[Records drawn from a dataset]
::::::::
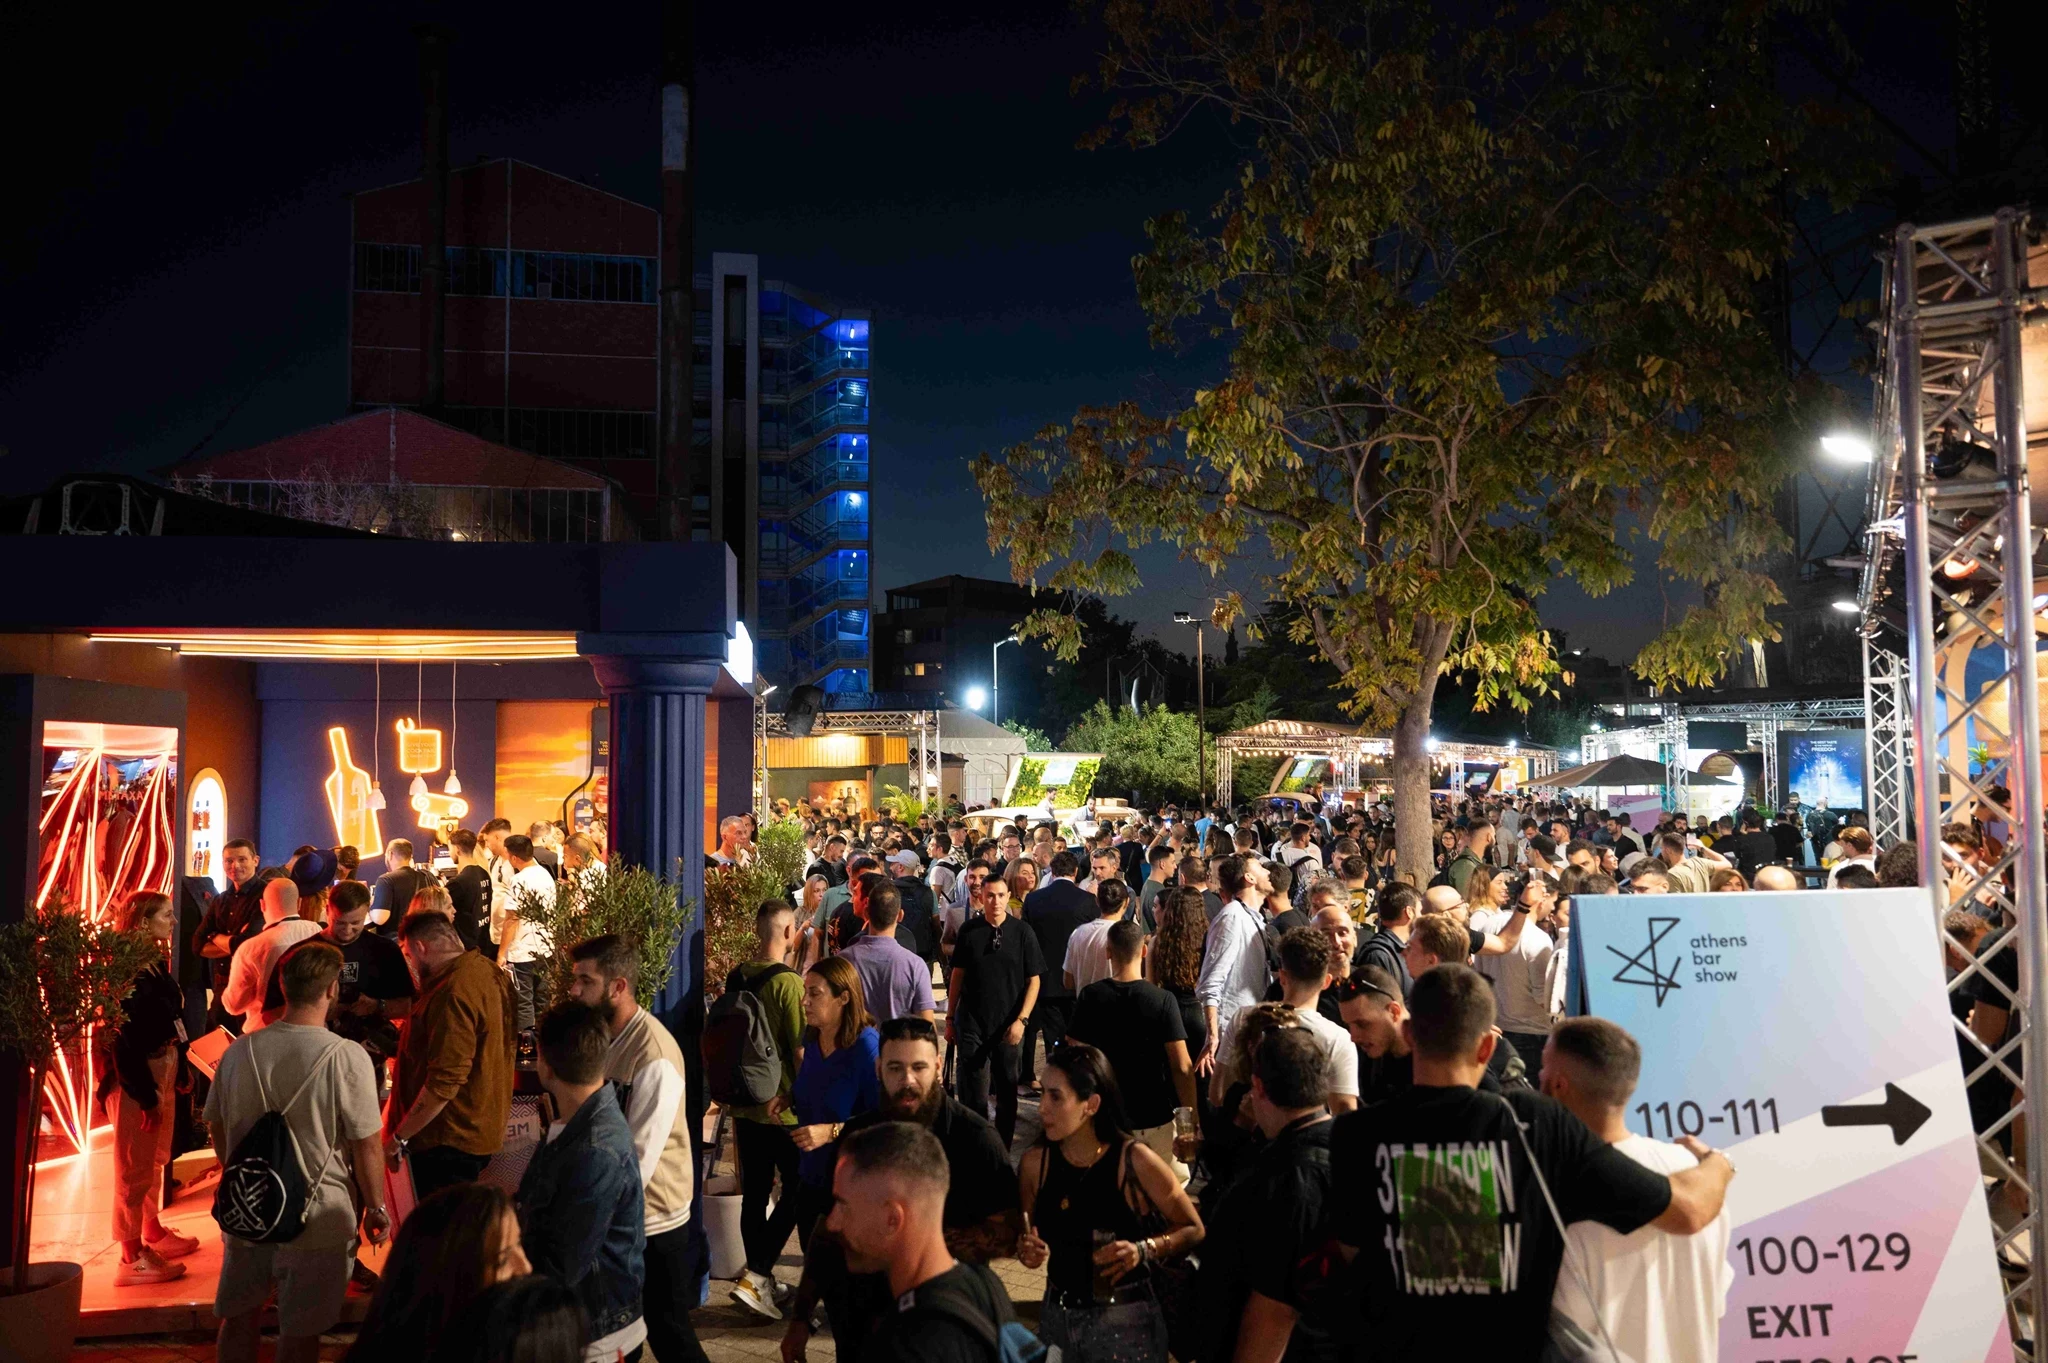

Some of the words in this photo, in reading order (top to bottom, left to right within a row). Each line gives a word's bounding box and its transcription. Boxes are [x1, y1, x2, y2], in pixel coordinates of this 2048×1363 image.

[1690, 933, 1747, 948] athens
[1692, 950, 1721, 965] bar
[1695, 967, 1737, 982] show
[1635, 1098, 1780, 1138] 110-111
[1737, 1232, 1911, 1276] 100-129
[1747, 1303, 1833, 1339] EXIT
::::::::
DIRECTIONS FOR THIS TASK:
Drop the images and repeat the data exactly.

OUTPUT OF THE TASK:
Some of the words in this photo, in reading order (top to bottom, left to right within a row). Each line gives a word's bounding box and its transcription. Boxes are [x1, y1, x2, y2], in pixel coordinates of this 2048×1363 image.

[1690, 933, 1747, 948] athens
[1692, 950, 1721, 965] bar
[1695, 967, 1737, 982] show
[1635, 1098, 1780, 1138] 110-111
[1737, 1232, 1911, 1276] 100-129
[1747, 1303, 1833, 1339] EXIT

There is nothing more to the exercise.